Śiwa-Śakti
Dyskurs Sathya Sai Baby wygłoszony z okazji święta Gurupurnima w dniu 6 lipca 1963 r.
[Od
redakcji: Niniejszy dyskurs wywołał wyjątkowe poruszenie z dwóch powodów. Po
pierwsze, Sathya Sai zademonstrował Swą boską moc, kiedy to w obecności wszystkich
zgromadzonych, w ciągu kilku sekund uleczył Swe ciało z trwającego osiem dni
paraliżu oraz wyjaśnił, dlaczego takie zdarzenie miało miejsce. Po drugie,
podczas tego dyskursu Swami pierwszy raz wspomniał o swojej następnej –
trzeciej inkarnacji w osobie Prema Sai. Oświadczył, że po opuszczeniu obecnego
ciała ponownie zstąpi na ziemię jako Prema Sai]. To
nie Swami jest chory. To choroba, którą Swami przejął na siebie, by ratować
czyjeś życie. Swami nigdy nie choruje i nie będzie chorował. Wszyscy musicie
być szczęśliwi, bowiem tylko wasze szczęście może uczynić Swamiego szczęśliwym.

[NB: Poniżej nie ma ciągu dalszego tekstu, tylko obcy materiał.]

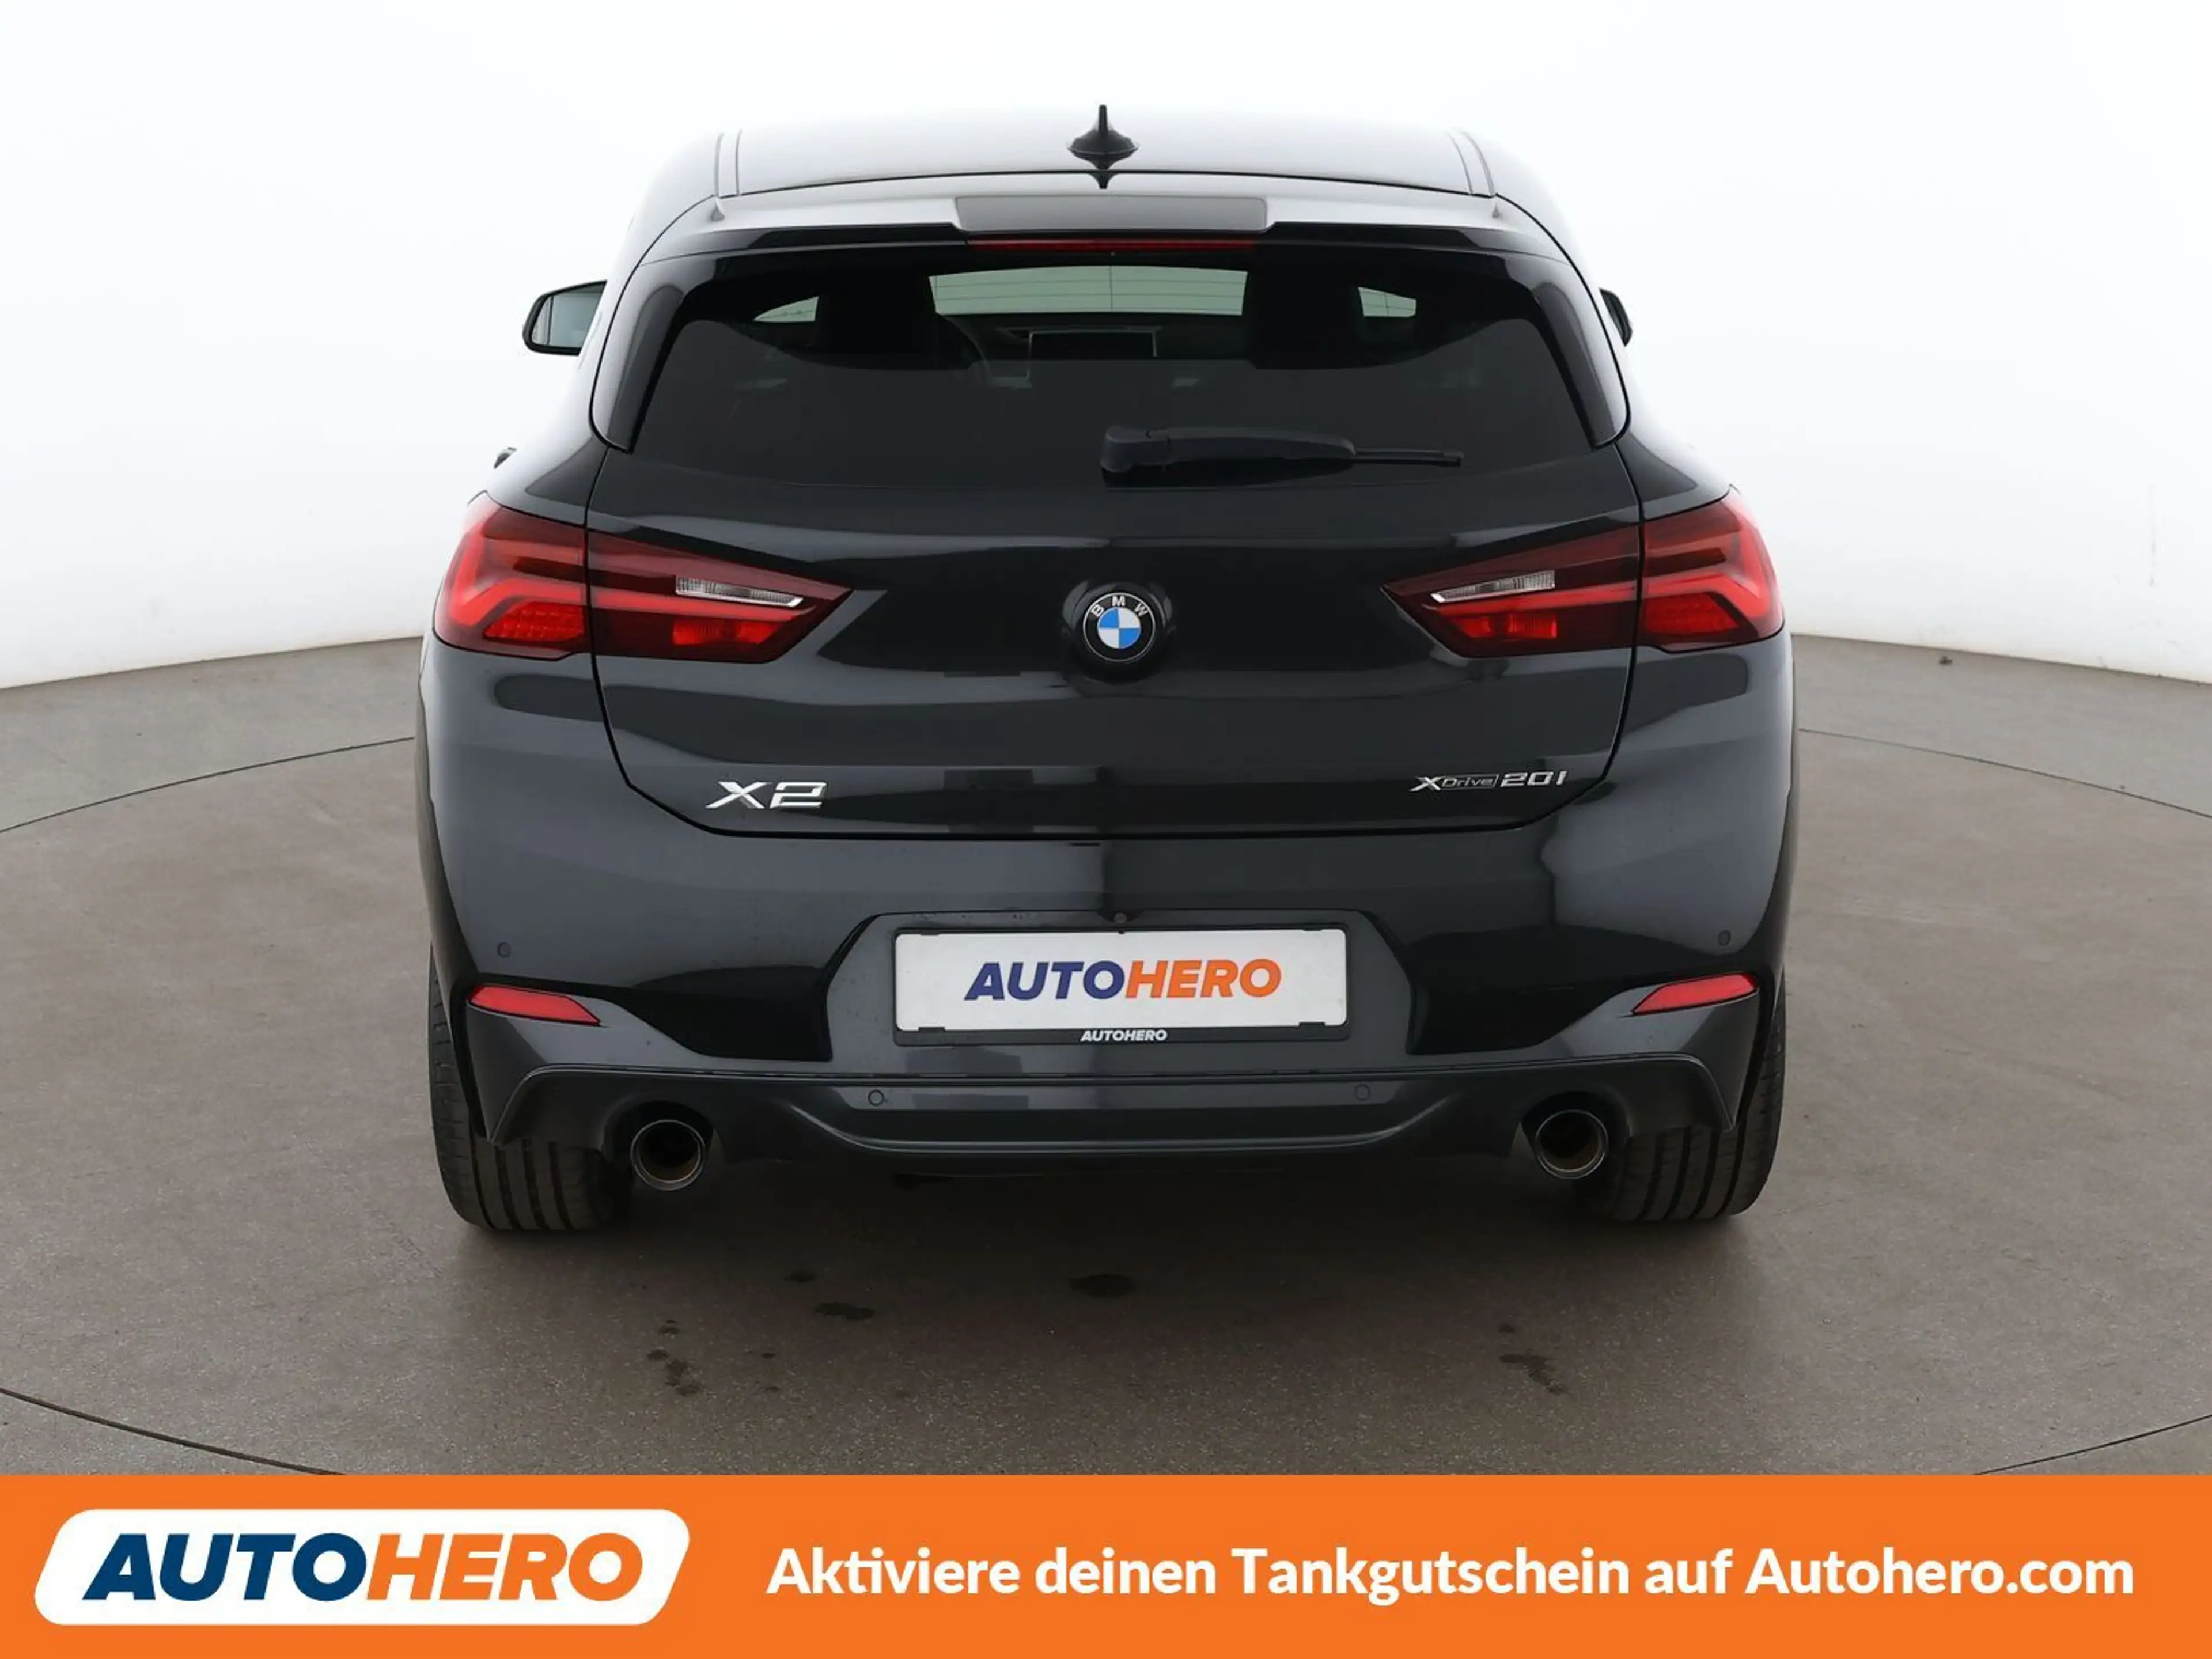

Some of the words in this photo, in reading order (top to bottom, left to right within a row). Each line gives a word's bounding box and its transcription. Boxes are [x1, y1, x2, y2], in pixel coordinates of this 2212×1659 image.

Jeśli wy pogrążacie się w smutku, Swami nie czuje się szczęśliwy. Wasza radość
jest Moim pokarmem. [Po czym Sai
dał znak, aby przemówił Kasturi. Po jego krótkim wystąpieniu poprosił, by
trzymano przed Nim mikrofon. Jednak jego mowa była tak niewyraźna, że trudno
było cokolwiek zrozumieć. Po chwili poprosił o wodę. Kiedy przyniesiono, Baba
drżącą prawą dłonią strząsnął kilka kropel wody na lewą rękę i lewą nogę, które
były porażone paraliżem. Następnie dotknął Swej lewej ręki prawą, po czym
obiema rękami dotknął lewej nogi. To wystarczyło, by paraliż nogi ustąpił.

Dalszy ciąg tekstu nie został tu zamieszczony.